The influences of transverse cracks and the water–cement ratio on chloride transport in concrete in NaCl solutions under different conditions of wetting–drying cycles were experimentally investigated in this paper. The chloride penetration and nonuniform cross-sectional loss of steel bars with the influence of various transverse crack widths and wetting–drying cycles of the concrete specimens were presented and discussed.
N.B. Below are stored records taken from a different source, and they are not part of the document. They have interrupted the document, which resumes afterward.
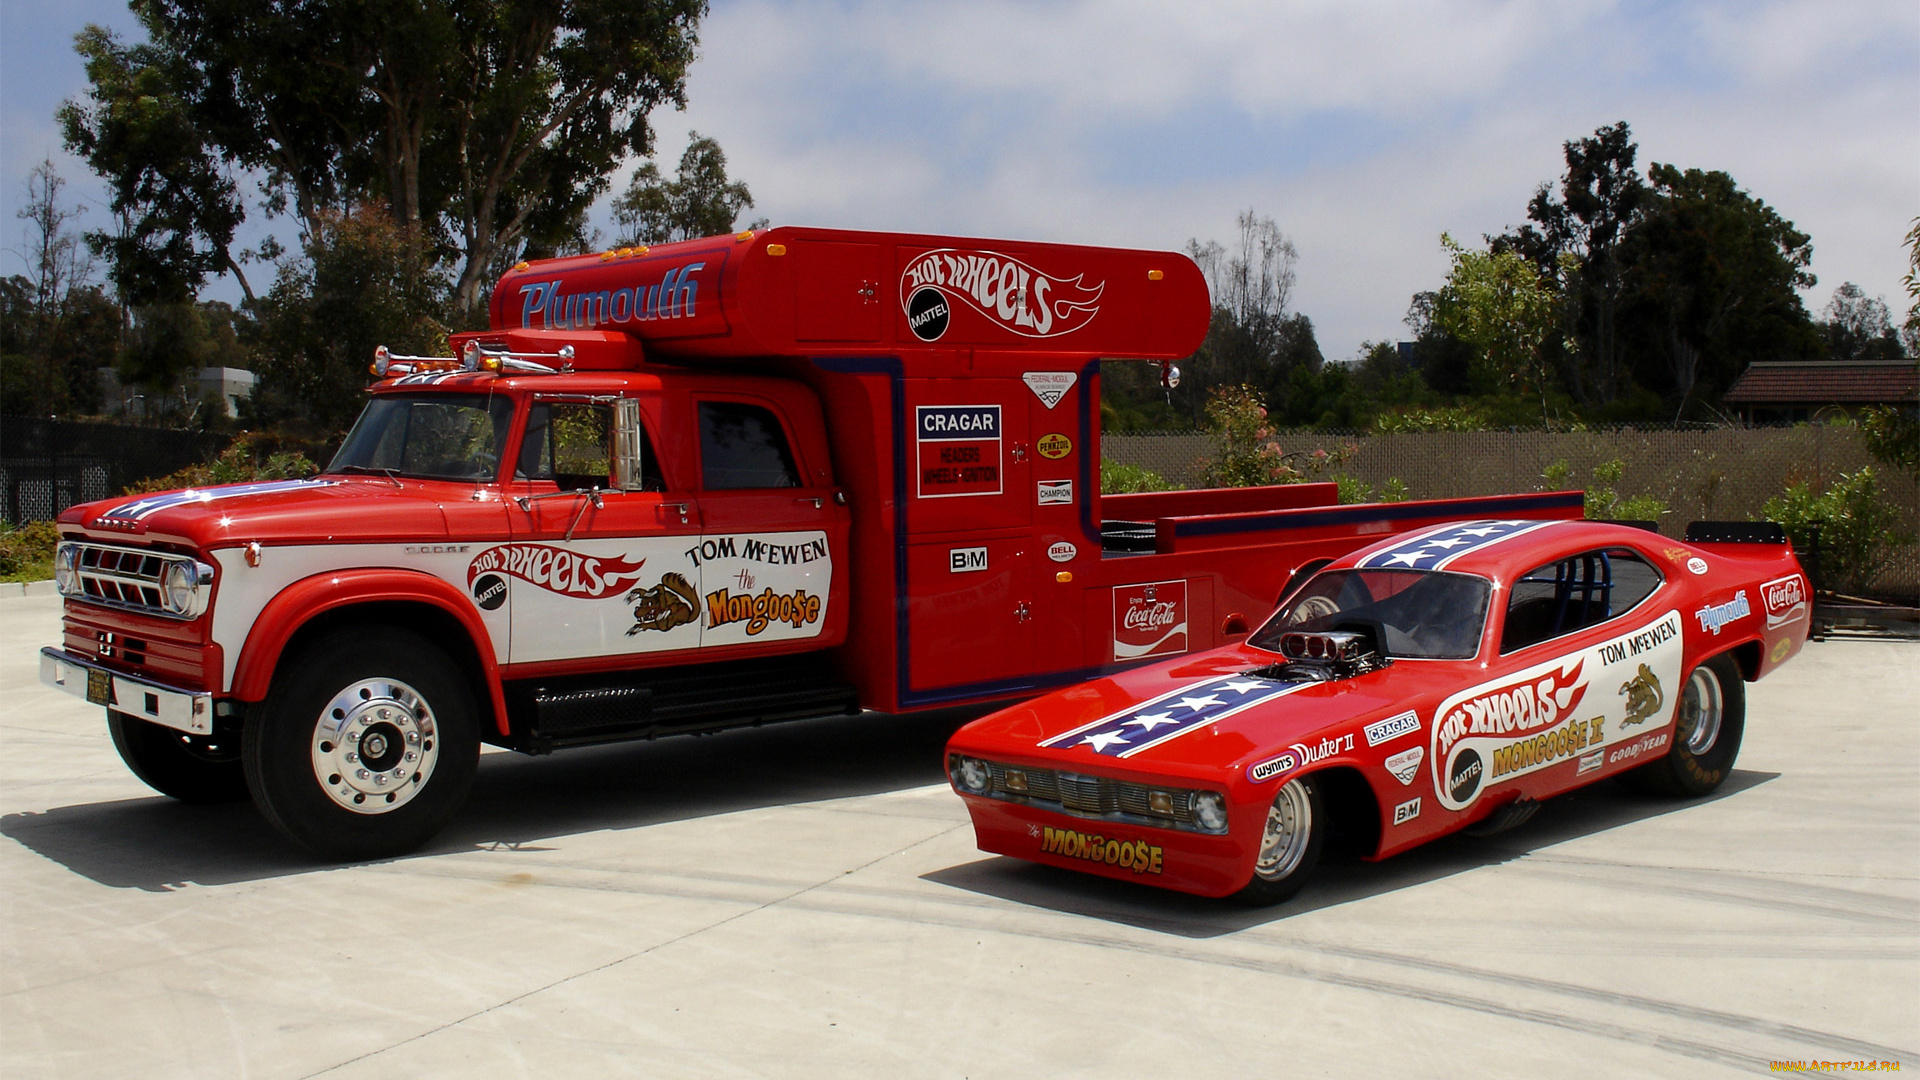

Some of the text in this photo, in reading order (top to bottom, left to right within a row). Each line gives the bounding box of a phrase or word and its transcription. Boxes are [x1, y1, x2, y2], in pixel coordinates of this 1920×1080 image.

[519, 262, 706, 330] Plymouth
[906, 254, 1053, 334] HOT WHEELS
[911, 303, 948, 328] MATTEL
[924, 413, 994, 431] CRAGAR
[941, 447, 980, 464] HEADERS
[1040, 488, 1071, 498] CHAMPION
[685, 537, 827, 568] TOM McEWEN
[1051, 546, 1074, 554] BELL
[471, 546, 605, 596] HOT WHEELS
[733, 568, 756, 590] the
[475, 581, 507, 604] MATTEL
[1124, 601, 1177, 629] Coca-Cola
[1695, 590, 1751, 635] Plymouth
[1598, 618, 1677, 666] TOM McEWEN
[1370, 716, 1416, 741] CRAGAR
[1439, 676, 1558, 755] HOT WHEELS
[1589, 716, 1605, 745] II
[1288, 733, 1354, 766] Duster II
[1450, 760, 1482, 791] MATTEL
The transverse crack width played a significant role in the chloride profile. Apart from the uncracked concrete specimens, the chloride contents in all the cracked concrete B beams at the depth of the steel bar exceeded the threshold value of 0.15% (by mass of concrete) proposed in the literature. As the width of the cracks increased, the chloride concentration and penetration of the cracked concrete beam increased. However, the chloride concentration at the reinforcement position did not seem to be obviously affected by increasing the wetting–drying cycles from 182 days to 364 days.

The water–cement ratio was also an important parameter affecting the chloride content in the concrete specimens. At the steel bar position, the chloride concentrations of the A beams with a lower water–cement ratio were all less than 0.15%. In the beam specimen series B-01 (182 days) with a high water–cement ratio, the chloride concentrations at most positions were larger than 0.15%. In the beam specimen series B-02 (364 days), the chloride concentrations were all larger than 0.15%.

Only pitting corrosion was observed in the beam specimen series B-01 (182 days), while both pitting and general corrosion were observed in the beam specimen series B-02 (364 days). The most substantial cross-sectional loss of the steel bar was located near the middle part of the beam, which was the corresponding maximum moment region. In the beam specimen series B-01 beams (182 days), the average loss of the steel bar increased with increasing crack width, while for the beam specimen series B-02 (364 days), the effect of crack width on the loss was not as visible.

A model that had good agreement with the experimental values, within a tolerance of less than 15% for most of the specimens, was proposed to predict the relationship between the crack width influence coefficient, μ, and the crack width, w.